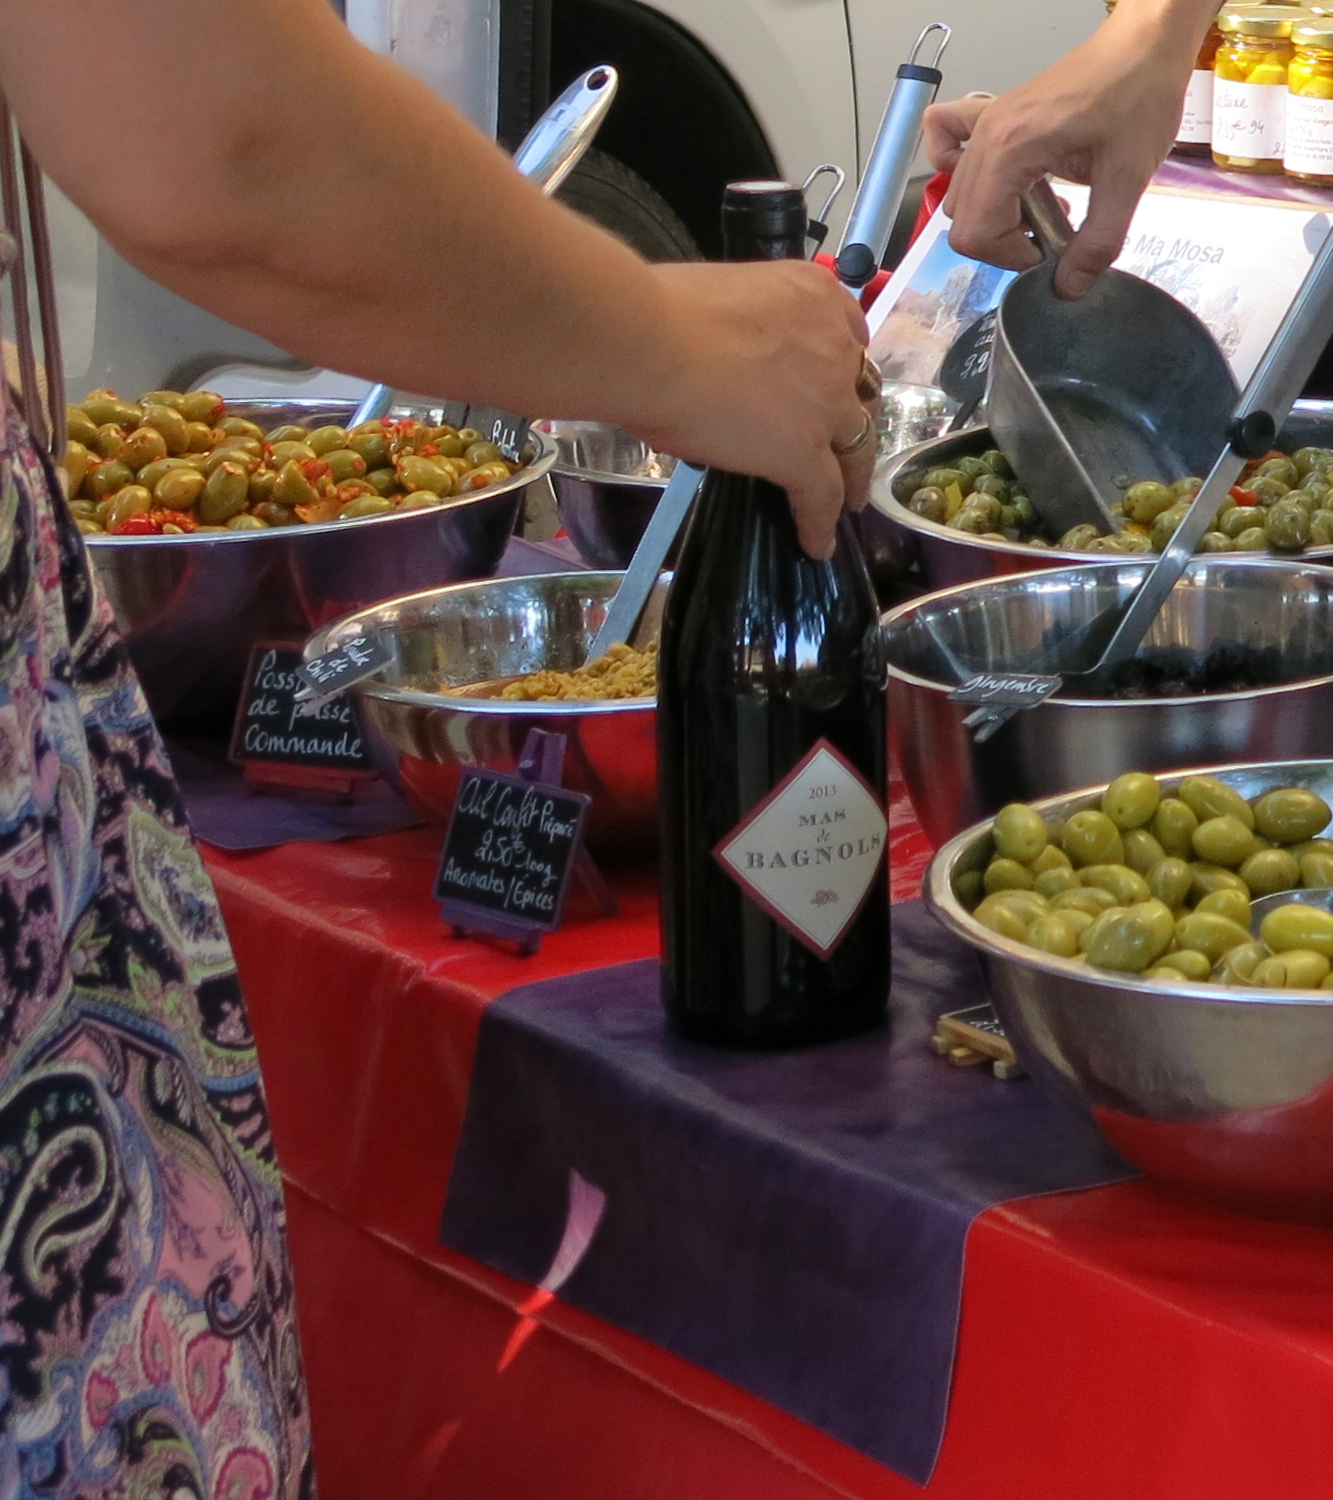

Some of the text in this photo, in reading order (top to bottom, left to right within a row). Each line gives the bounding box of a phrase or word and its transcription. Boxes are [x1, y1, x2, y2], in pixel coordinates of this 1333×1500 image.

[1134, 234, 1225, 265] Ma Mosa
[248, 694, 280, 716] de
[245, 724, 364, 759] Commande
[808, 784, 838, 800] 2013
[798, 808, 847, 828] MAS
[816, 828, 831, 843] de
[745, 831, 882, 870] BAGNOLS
* * *
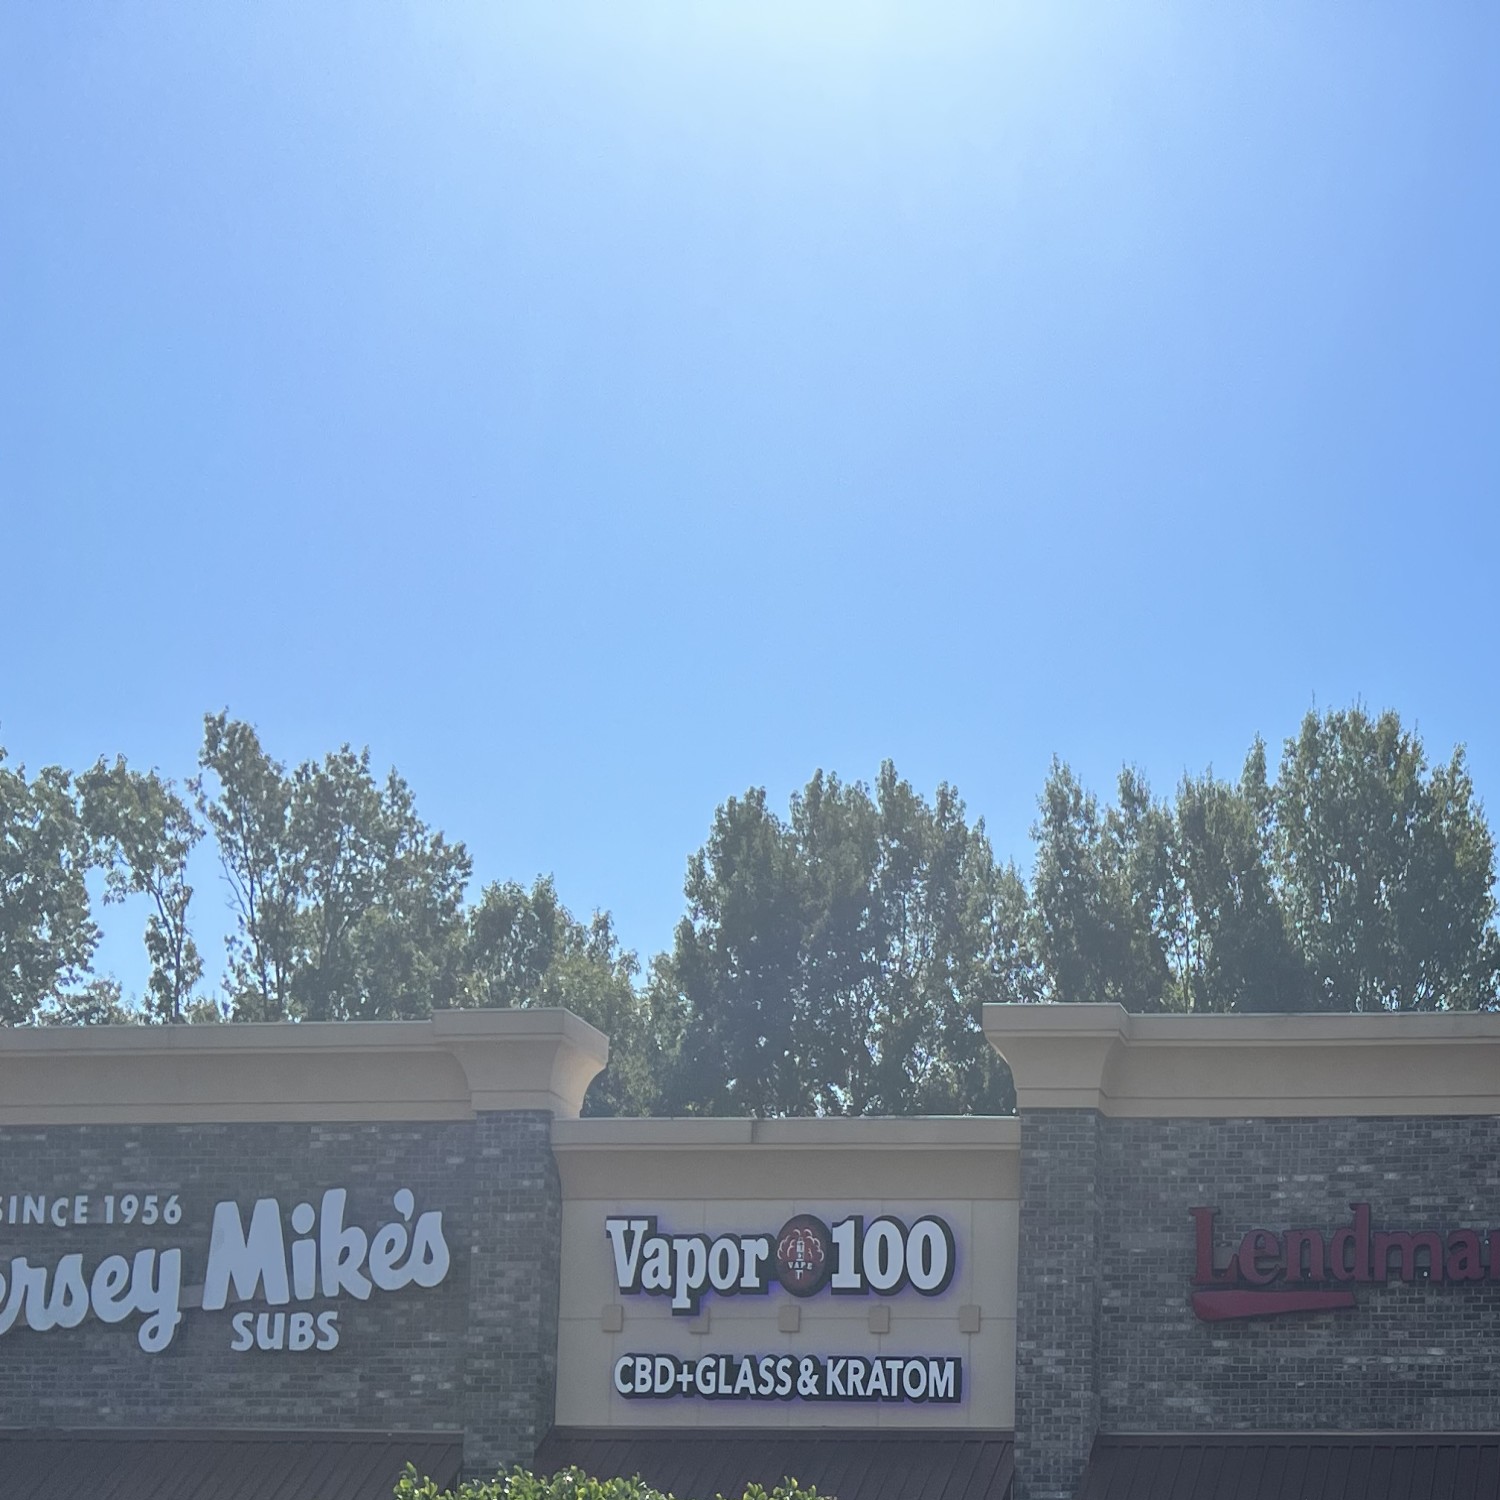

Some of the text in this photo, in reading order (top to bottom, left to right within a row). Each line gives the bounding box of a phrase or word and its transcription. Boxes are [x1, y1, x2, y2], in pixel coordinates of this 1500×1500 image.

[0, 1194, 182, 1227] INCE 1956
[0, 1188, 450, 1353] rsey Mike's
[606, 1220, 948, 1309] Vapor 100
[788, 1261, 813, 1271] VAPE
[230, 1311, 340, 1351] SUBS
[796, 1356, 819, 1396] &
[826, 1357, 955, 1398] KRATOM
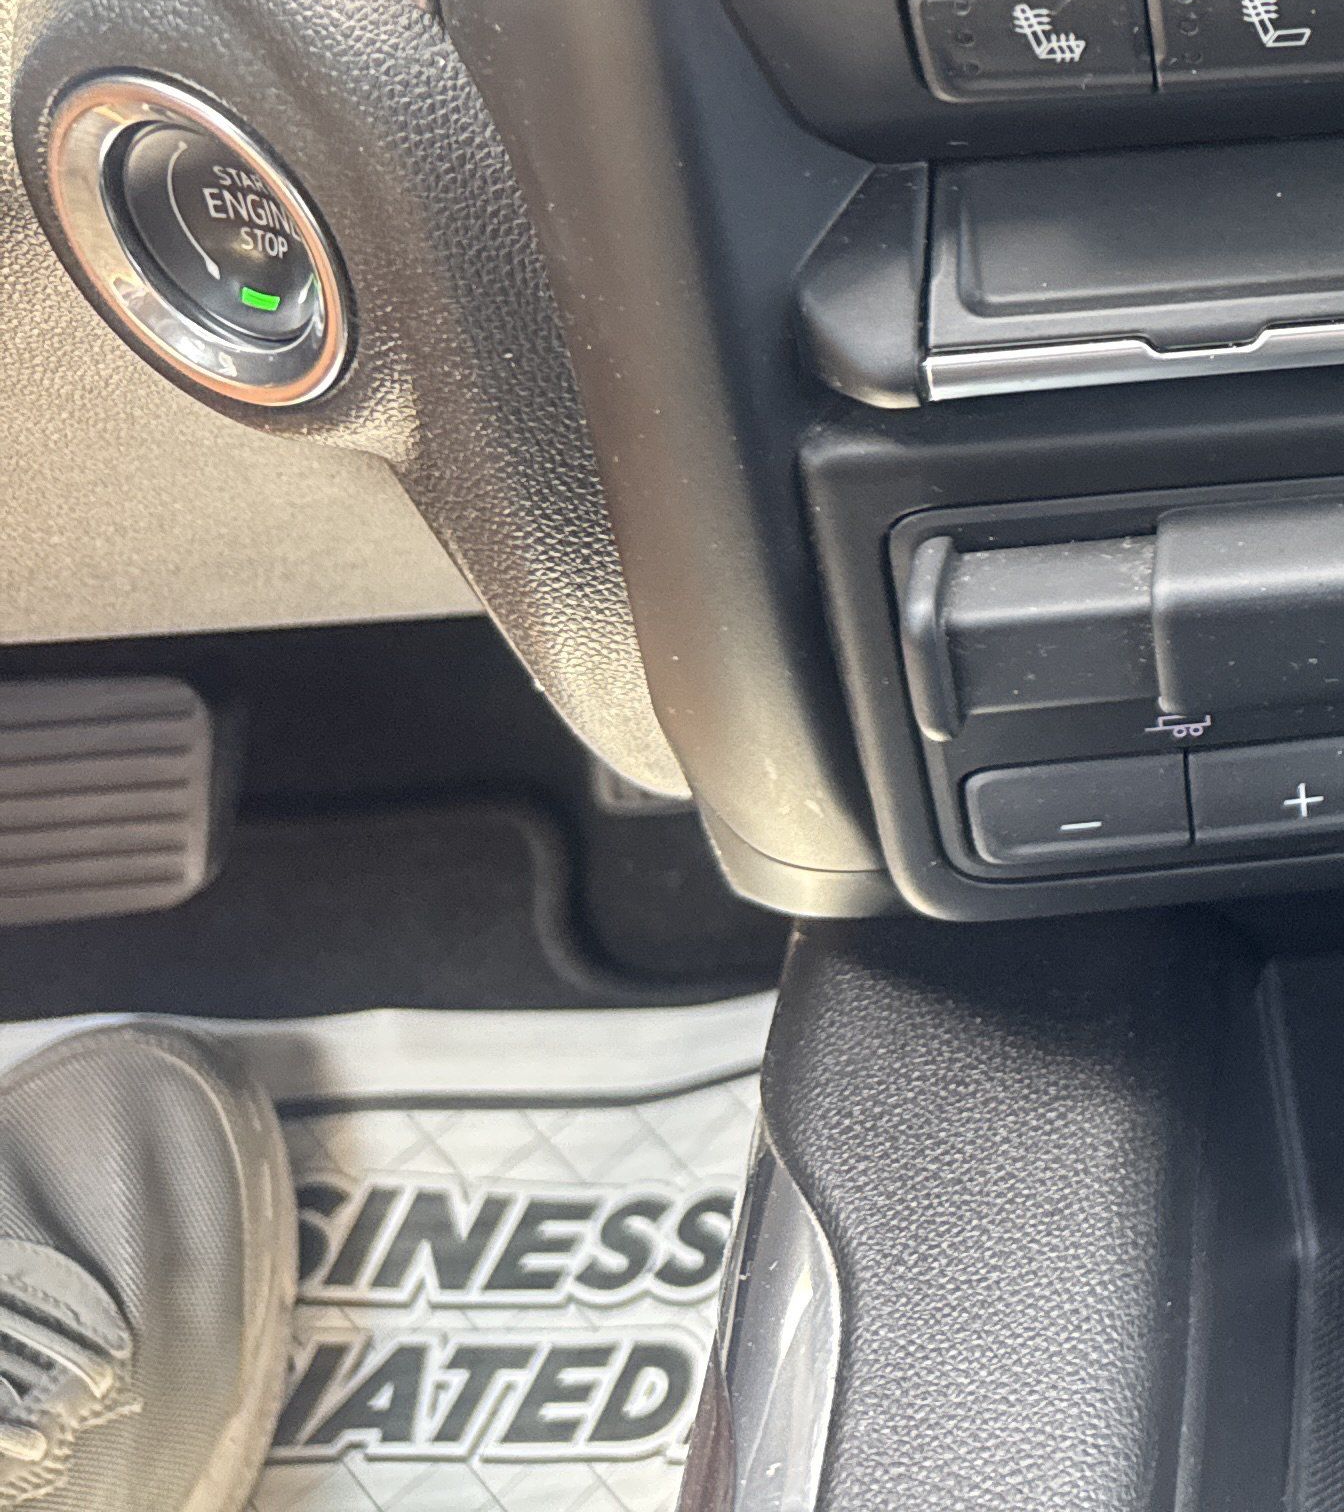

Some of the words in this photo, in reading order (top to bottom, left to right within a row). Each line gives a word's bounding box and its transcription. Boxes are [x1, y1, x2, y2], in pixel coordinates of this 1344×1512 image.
---
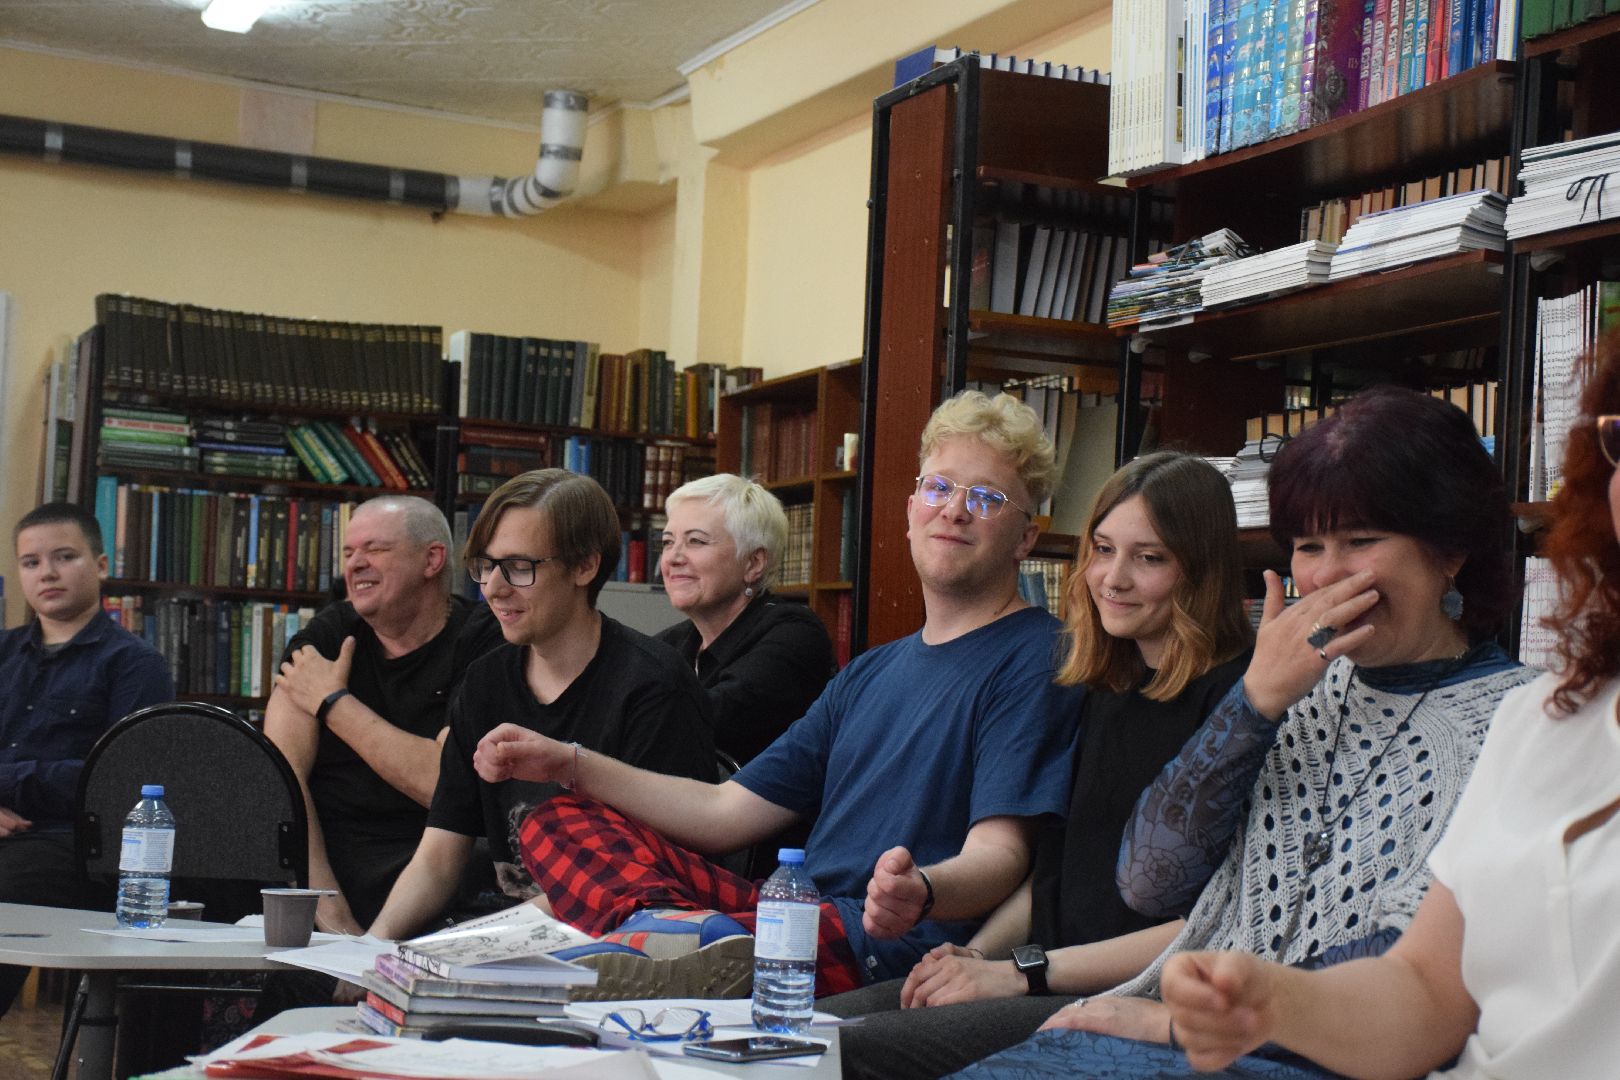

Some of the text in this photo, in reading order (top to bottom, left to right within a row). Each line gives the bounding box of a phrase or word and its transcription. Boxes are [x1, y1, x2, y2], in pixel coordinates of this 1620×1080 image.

* _YOUR TASK_:
Start with the line above containing "this 1500×1500 image." and end with the line containing "Some of the words". Set down that stretch exactly, without any pictures.

* _RESPONSE AREA_:
Some of the text in this photo, in reading order (top to bottom, left to right within a row). Each line gives the bounding box of a phrase or word and its transcription. Boxes are [x1, y1, x2, y2], in pixel coordinates of this 1500×1500 image.

[0, 1194, 182, 1227] INCE 1956
[0, 1188, 450, 1353] rsey Mike's
[606, 1220, 948, 1309] Vapor 100
[788, 1261, 813, 1271] VAPE
[230, 1311, 340, 1351] SUBS
[796, 1356, 819, 1396] &
[826, 1357, 955, 1398] KRATOM

Some of the words in this photo, in reading order (top to bottom, left to right within a row). Each line gives a word's bounding box and its transcription. Boxes are [x1, y1, x2, y2], in pixel coordinates of this 1344×1512 image.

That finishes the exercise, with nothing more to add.